(Beginning of Data for analysis)
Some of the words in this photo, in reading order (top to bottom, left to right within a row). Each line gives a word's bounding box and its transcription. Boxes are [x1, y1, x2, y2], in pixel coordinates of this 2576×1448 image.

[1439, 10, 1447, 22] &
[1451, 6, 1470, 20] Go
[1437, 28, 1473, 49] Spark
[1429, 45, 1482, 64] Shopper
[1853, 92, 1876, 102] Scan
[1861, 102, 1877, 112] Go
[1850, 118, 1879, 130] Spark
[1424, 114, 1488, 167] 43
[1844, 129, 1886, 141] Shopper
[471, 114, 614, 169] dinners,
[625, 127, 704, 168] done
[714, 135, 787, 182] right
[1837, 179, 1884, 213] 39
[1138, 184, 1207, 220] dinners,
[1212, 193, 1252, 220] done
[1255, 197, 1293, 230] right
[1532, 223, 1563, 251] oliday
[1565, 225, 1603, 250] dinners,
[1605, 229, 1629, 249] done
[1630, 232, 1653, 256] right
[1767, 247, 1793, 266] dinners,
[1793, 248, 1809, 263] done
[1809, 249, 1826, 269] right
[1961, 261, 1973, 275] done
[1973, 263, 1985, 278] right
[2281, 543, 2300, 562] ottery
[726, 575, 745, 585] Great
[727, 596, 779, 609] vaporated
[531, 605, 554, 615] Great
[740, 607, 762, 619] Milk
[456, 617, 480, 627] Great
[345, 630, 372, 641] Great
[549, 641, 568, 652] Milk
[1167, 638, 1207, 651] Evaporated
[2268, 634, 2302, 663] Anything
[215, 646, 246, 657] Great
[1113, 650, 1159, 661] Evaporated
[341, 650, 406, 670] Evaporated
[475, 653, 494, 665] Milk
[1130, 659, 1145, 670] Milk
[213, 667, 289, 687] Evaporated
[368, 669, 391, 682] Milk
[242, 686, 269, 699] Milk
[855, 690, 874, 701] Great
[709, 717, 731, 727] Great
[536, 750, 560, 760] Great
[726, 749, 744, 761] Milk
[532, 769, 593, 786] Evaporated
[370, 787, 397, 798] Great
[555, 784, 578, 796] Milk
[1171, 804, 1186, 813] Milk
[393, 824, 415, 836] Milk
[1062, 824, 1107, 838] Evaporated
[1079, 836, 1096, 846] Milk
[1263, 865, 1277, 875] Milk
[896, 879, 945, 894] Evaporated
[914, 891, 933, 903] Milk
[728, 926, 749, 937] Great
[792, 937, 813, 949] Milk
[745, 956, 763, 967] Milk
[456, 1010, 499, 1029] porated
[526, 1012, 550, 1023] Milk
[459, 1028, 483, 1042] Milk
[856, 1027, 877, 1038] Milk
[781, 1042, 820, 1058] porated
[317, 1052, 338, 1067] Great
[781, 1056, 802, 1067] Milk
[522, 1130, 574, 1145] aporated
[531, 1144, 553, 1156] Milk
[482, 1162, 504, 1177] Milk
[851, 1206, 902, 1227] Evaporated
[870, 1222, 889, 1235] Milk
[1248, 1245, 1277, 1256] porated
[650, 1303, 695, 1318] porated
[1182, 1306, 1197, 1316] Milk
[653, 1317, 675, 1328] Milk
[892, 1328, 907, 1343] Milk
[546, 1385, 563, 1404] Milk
(End of Data for analysis)
Determine how many lines in the data include the word "done". Answer with that number alone.

5